Put bedtime bugaboos―and your kids―to rest with these expert solutions.

By Teri Cettina
Girl looking under her bedLiz Banfield

Problem: Your child has night terrors.

Why it happens: Your child is overtired.

How to rest easy: Well, as easy as you can while your sleeping child yells with her eyes open! Don’t worry: As scary as these episodes are for you, she won’t remember them. “Often your child will get agitated if you touch her, so just stand silently in her room to make sure she’s safe,” says Mindell. Most episodes are over in less than 20 minutes, and kids usually outgrow them by age six.


Problem: Your preschooler wets the bed.

Why it happens: Even the toilet-trained won’t be dry regularly until after age six. “Younger kids’ bodies aren’t ready to hold urine as they sleep,” says Linda M. Dairiki Shortliffe, M.D., chair of the department of urology at the Stanford University School of Medicine.

How to rest easy: Disposable briefs and a waterproof mattress cover may be your best bets. And even if she is dry most nights, expect accidents when she is sick, away from home, or under stress.


Problem: Your older child (seven or up) wets the bed.

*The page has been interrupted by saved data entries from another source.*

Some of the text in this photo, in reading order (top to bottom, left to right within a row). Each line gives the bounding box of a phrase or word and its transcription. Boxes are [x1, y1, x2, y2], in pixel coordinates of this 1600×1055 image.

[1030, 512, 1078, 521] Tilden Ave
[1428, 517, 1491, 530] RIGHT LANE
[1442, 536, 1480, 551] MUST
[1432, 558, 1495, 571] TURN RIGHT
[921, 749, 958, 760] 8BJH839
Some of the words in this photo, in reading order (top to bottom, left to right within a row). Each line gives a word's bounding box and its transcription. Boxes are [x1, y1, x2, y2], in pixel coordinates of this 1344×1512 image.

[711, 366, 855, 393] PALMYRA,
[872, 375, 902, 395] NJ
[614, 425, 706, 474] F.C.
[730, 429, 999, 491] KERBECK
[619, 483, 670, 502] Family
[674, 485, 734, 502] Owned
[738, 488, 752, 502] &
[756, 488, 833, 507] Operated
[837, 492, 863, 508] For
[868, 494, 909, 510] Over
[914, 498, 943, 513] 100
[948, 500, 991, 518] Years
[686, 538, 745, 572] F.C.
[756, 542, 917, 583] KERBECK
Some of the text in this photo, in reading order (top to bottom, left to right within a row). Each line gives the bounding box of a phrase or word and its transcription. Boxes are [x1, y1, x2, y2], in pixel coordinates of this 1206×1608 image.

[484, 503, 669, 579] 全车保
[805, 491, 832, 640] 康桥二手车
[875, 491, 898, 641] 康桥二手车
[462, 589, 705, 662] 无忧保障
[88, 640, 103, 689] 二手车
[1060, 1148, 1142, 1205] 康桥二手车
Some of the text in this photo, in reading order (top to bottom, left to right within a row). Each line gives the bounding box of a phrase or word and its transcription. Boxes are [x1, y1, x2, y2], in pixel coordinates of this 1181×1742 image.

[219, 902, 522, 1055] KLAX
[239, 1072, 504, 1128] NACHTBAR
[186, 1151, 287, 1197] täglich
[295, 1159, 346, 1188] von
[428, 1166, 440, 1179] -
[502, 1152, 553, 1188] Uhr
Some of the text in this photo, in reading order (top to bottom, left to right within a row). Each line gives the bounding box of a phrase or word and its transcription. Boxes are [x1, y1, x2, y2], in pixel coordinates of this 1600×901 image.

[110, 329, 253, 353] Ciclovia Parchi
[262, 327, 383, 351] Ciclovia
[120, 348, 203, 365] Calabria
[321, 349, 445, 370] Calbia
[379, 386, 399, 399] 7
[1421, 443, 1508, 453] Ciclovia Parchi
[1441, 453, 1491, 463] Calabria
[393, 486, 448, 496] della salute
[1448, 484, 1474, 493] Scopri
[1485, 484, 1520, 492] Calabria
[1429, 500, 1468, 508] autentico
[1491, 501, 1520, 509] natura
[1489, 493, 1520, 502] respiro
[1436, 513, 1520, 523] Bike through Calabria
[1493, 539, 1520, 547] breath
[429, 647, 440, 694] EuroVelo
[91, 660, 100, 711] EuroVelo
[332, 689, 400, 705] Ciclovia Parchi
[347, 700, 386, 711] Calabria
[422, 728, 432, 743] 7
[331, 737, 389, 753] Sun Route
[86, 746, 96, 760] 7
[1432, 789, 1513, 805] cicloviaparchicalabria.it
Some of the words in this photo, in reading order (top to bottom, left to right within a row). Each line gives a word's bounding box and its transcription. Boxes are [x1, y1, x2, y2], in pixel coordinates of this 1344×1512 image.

Why it happens: “It could indicate a urinary-tract infection,” says Shortliffe. However, about 5 to 10 percent of school-age children (boys, mostly) suffer from bed-wetting.

How to rest easy: “A good initial solution is a bed alarm, which wakes up the child after an accident,” says Shortliffe. (It is attached to sensors that detect wetness.) “But it can take about four months to really see results, since the child’s brain has to be trained to wake him up before he needs to use the bathroom,” she explains. A short-term option for unusual circumstances (camp, a slumber party) is desmopressin, a synthetic hormone that makes the bladder create less liquid at night. The good news: By adolescence, his body should produce enough vasopressin, a natural antidiuretic, to dry up his bed-wetting problem.